## ASSIGNMENT
The records below are to be output exactly, except for their pictures.
── PROVIDED DATA
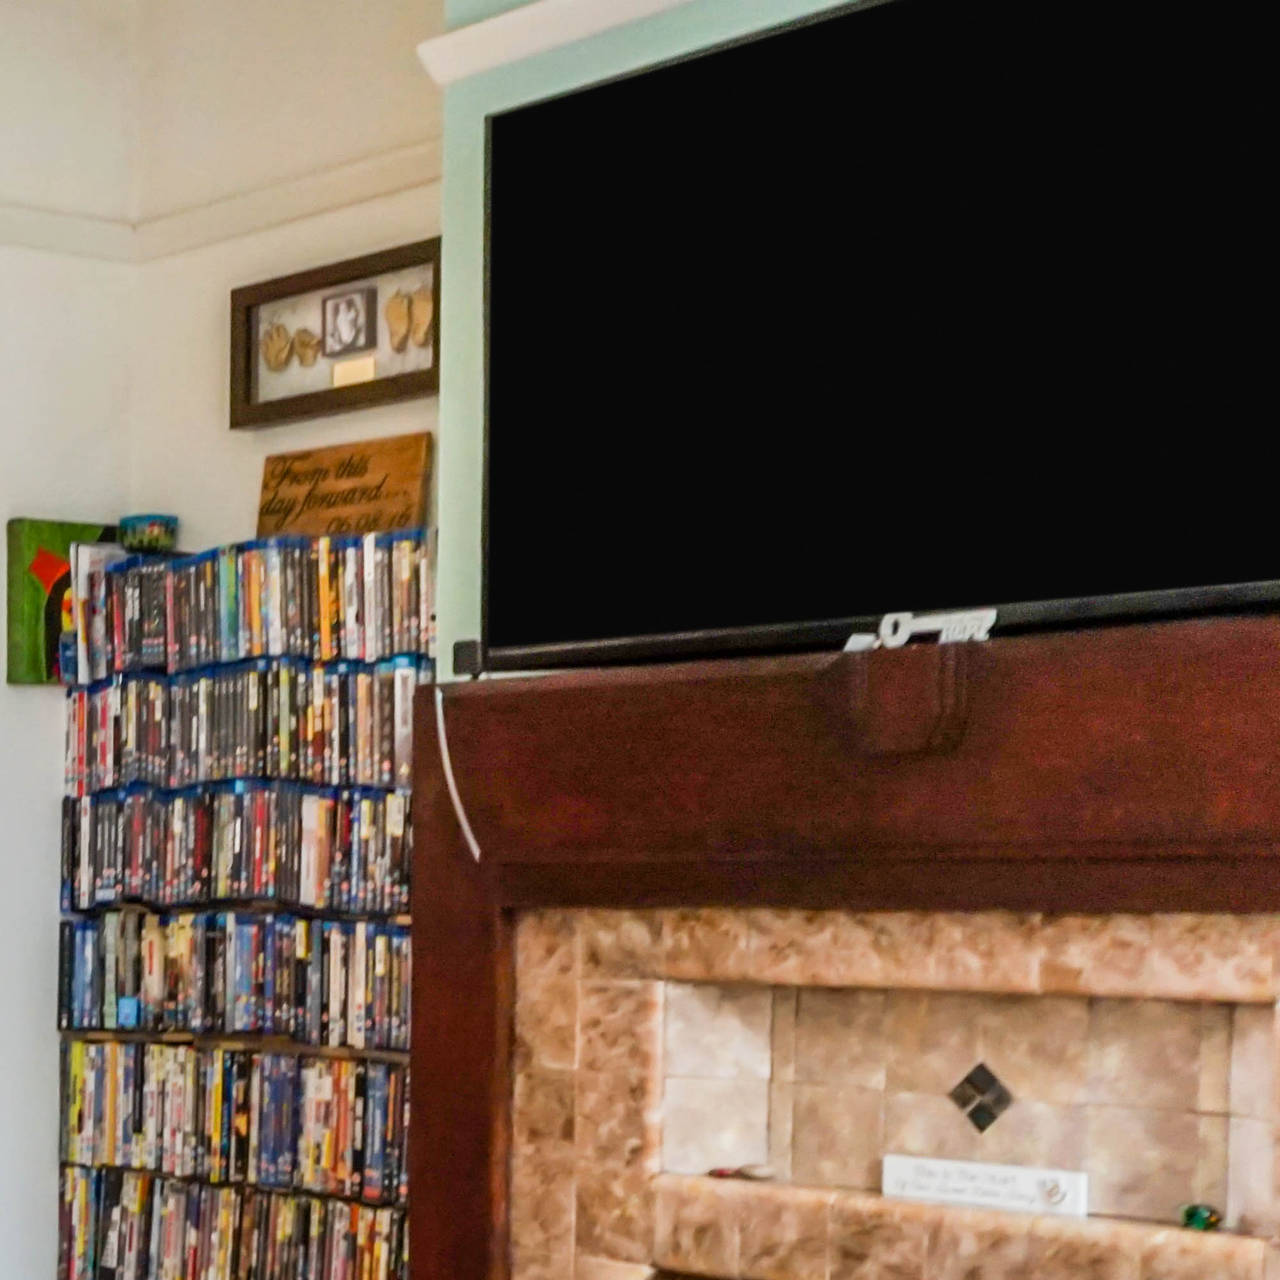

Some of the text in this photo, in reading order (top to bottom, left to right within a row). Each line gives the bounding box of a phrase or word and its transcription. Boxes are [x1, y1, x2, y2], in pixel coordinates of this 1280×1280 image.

[263, 452, 372, 489] From this
[260, 488, 297, 531] day
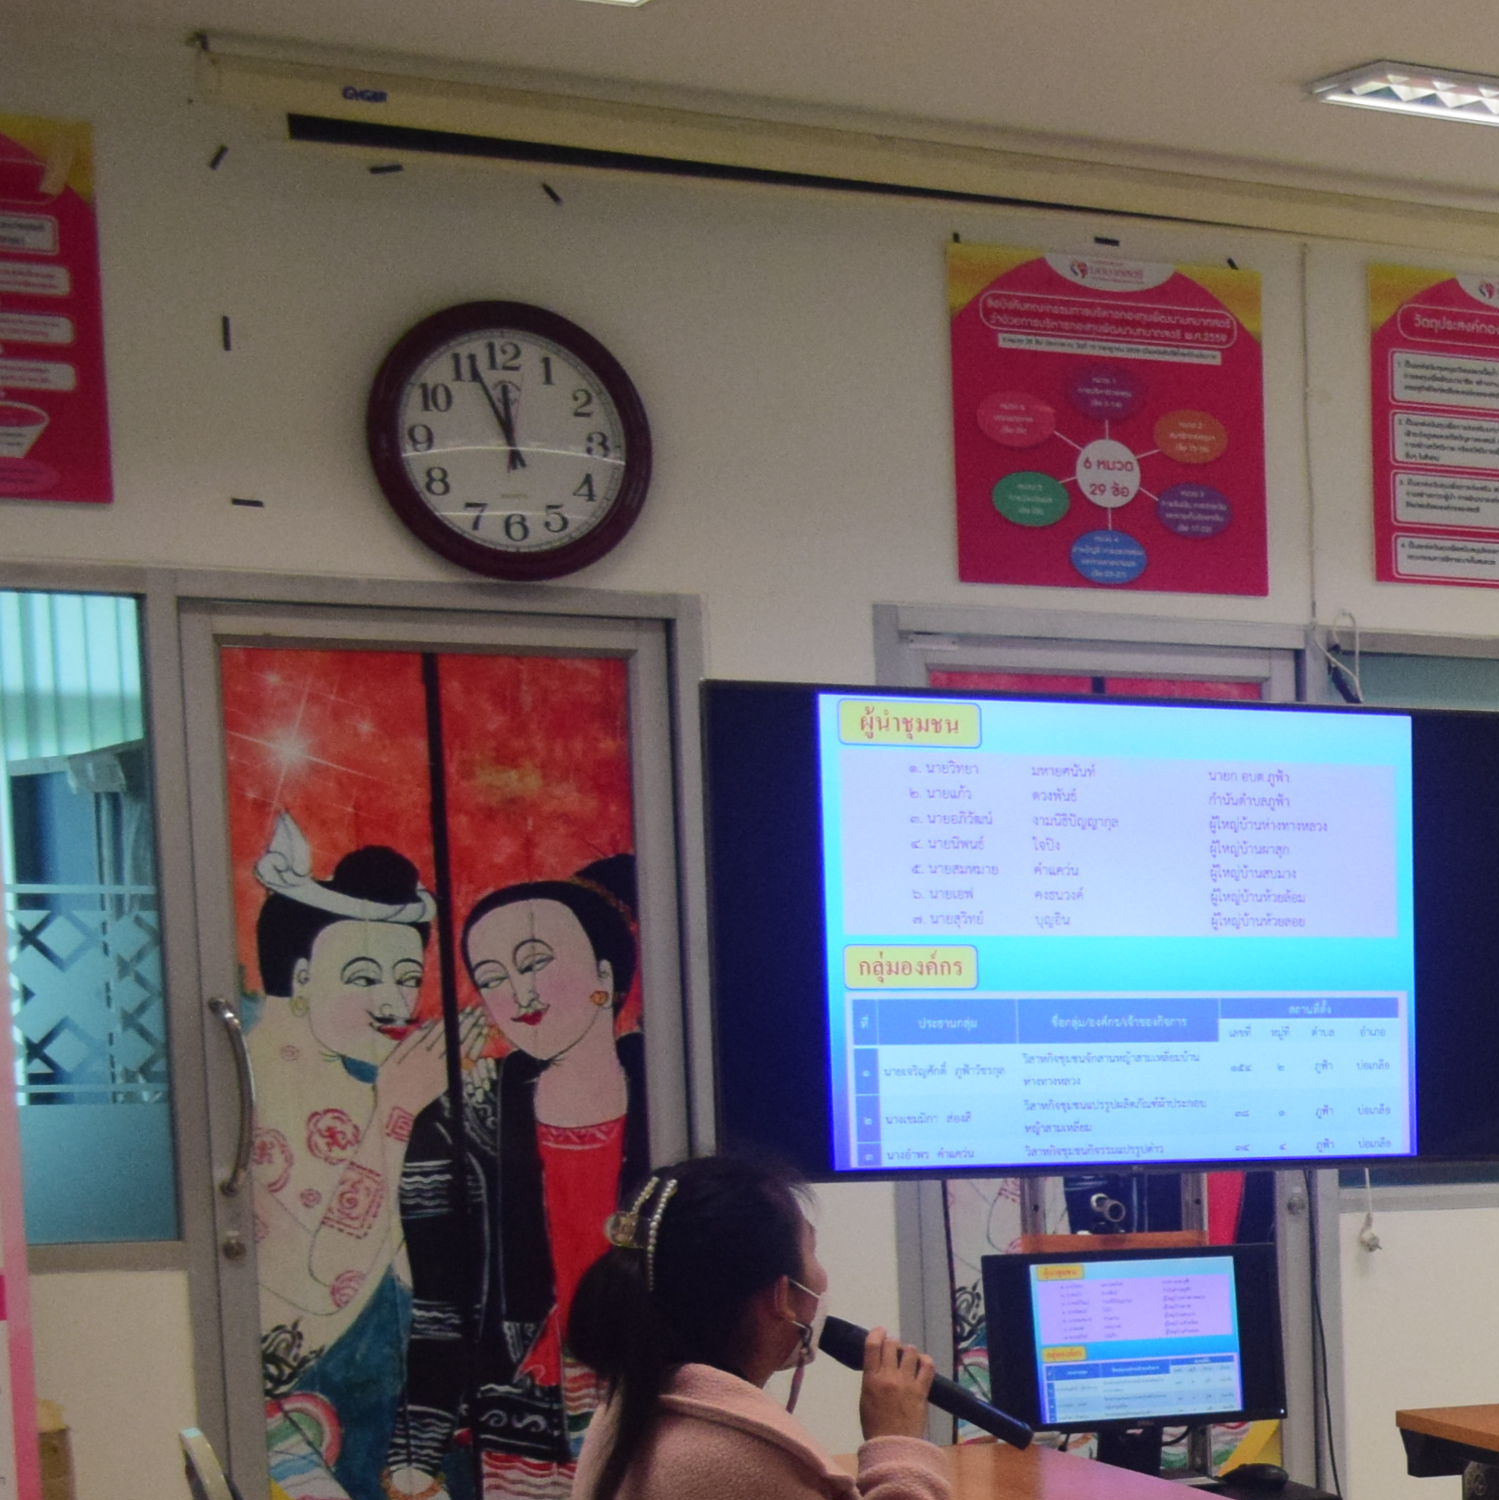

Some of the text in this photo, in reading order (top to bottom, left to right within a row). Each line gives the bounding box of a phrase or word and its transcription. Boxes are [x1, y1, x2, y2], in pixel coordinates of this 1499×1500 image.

[452, 353, 480, 383] 11
[486, 341, 522, 371] 12
[540, 356, 555, 385] 1
[418, 382, 453, 413] 10
[572, 389, 594, 418] 2
[407, 424, 434, 452] 9
[586, 431, 610, 458] 3
[1083, 457, 1135, 473] 6 หมวด
[425, 466, 450, 496] 8
[572, 472, 597, 502] 4
[1089, 482, 1131, 498] 29 ข้อ
[464, 502, 488, 531] 7
[504, 513, 530, 541] 6
[544, 504, 569, 533] 5
[860, 705, 960, 740] ผู้นำชุมชน
[925, 759, 980, 775] นายวิทยา
[926, 783, 972, 800] นายแก้ว
[1208, 792, 1291, 812] กำนันตำบลภูฟ้า
[927, 810, 993, 826] นายอภิวัฒน์
[1208, 815, 1328, 834] ผู้ใหญ่บ้านห่างทางหลวง
[928, 835, 985, 851] นายนิพนธ์
[928, 862, 999, 877] นายสมหมาย
[930, 910, 985, 929] นายสุวิทย์
[859, 950, 964, 983] กลุ่มองค์กร
[918, 1016, 978, 1031] ประธานกลุ่ม
────
## EXPECTED ANSWER
Some of the text in this photo, in reading order (top to bottom, left to right within a row). Each line gives the bounding box of a phrase or word and its transcription. Boxes are [x1, y1, x2, y2], in pixel coordinates of this 1280×1280 image.

[263, 452, 372, 489] From this
[260, 488, 297, 531] day

Some of the text in this photo, in reading order (top to bottom, left to right within a row). Each line gives the bounding box of a phrase or word and its transcription. Boxes are [x1, y1, x2, y2], in pixel coordinates of this 1499×1500 image.

[452, 353, 480, 383] 11
[486, 341, 522, 371] 12
[540, 356, 555, 385] 1
[418, 382, 453, 413] 10
[572, 389, 594, 418] 2
[407, 424, 434, 452] 9
[586, 431, 610, 458] 3
[1083, 457, 1135, 473] 6 หมวด
[425, 466, 450, 496] 8
[572, 472, 597, 502] 4
[1089, 482, 1131, 498] 29 ข้อ
[464, 502, 488, 531] 7
[504, 513, 530, 541] 6
[544, 504, 569, 533] 5
[860, 705, 960, 740] ผู้นำชุมชน
[925, 759, 980, 775] นายวิทยา
[926, 783, 972, 800] นายแก้ว
[1208, 792, 1291, 812] กำนันตำบลภูฟ้า
[927, 810, 993, 826] นายอภิวัฒน์
[1208, 815, 1328, 834] ผู้ใหญ่บ้านห่างทางหลวง
[928, 835, 985, 851] นายนิพนธ์
[928, 862, 999, 877] นายสมหมาย
[930, 910, 985, 929] นายสุวิทย์
[859, 950, 964, 983] กลุ่มองค์กร
[918, 1016, 978, 1031] ประธานกลุ่ม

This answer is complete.